A friend of mine has a ranch that borders a dry lake bed and we set up our range shooting out at the lake bed. The lake bed is bit more than four miles across and fairly flat. When it fills with water in the rainy season it is no more than four feet deep.
What we have seen from shooting over the lake bed is that ricochets are kind of like skipping stones on a pond. The first "bounce" is pretty long, but it is followed by shorter, faster, bounces. Bear in mind this lake bed is very smooth. It has a fine layer of hardened salts coating it so we don't see odd-angle ricochets.
Shooting things like 30-06 or 8mm Mauser we've seen as many as seven or eight bounces. We've even used binoculars to watch them skitter across the desert.
Rifles like the AK (7.62X39) and .223 don't bounce nearly as far or as many times.
Pistol ammo only gets three to four bounces.
That said, I don't really consider the risk of ricochets to be too severe.
I've been hit by a number of ricochets. Twice they've broken the skin, but they were just a scratch. The one that hurt the most was fired from an 8mm Mauser using armor-piercing ammo. I was curious about its penetration and power and fired at a lava rock at about 100 yards. It came back and hit me in the sternum. It raised a small welt. It did hurt like the dickens and I recall feeling somewhat faint for a moment, but it passed quickly.

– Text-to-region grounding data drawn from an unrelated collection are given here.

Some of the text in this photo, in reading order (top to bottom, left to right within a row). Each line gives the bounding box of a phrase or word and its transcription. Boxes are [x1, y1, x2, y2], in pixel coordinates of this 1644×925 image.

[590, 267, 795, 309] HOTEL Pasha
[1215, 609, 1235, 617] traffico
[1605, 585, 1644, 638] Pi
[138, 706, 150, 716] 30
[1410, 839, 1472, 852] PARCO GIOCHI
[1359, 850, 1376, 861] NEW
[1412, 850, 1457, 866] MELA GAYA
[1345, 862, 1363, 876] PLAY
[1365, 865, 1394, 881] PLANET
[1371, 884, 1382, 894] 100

At a pistol match last month I got hit with a 9mm ricochet that came from fewer than 25 yards total distance from the muzzle (off of a pepper popper that had been turned sideways by the first shot). It hit my forearm and I got the tiniest little scratch. (Not including it in the ones that made me bleed.)
I live 1.3 miles downrange from a 400-yard rifle range. No one in my neighborhood has ever complained about a bullet issue. A few gripe about the sound of gunfire, but not too many. This is, after all, Arizona.

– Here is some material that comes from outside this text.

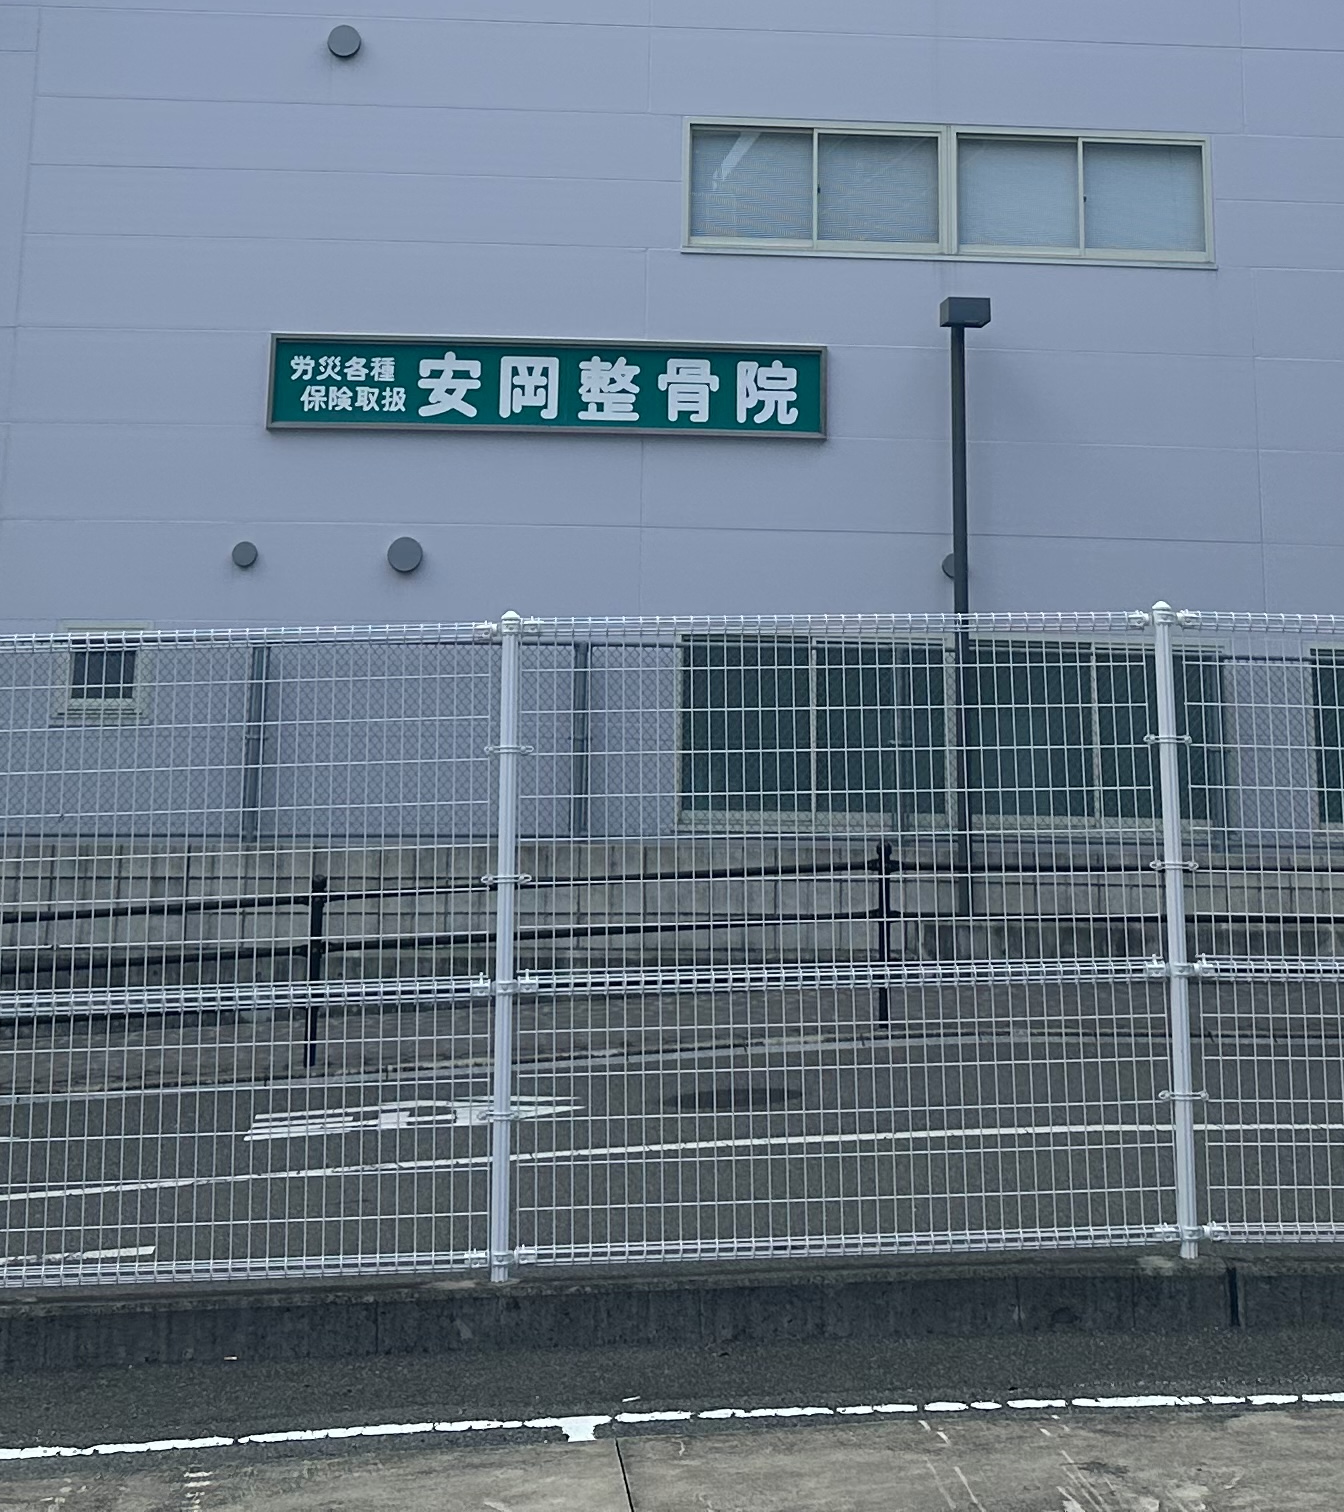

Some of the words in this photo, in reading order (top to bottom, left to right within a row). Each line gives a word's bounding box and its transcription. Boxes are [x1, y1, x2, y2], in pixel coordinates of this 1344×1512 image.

[289, 355, 396, 383] 労災各種
[301, 385, 407, 413] 保険取扱
[418, 351, 798, 425] 安岡整骨院

My sons enjoy our proximity to the range. They can now distinguish a .45 from a 9 or .40 at a distance of 1.3 miles. They sit outside on match night and listen for "daddy's gun." It's the .45 with the boom, but no crack...
I love it because almost every day I am reminded the Second Amendment is alive and well. I know that every time I hear the sound of gunfire to the west...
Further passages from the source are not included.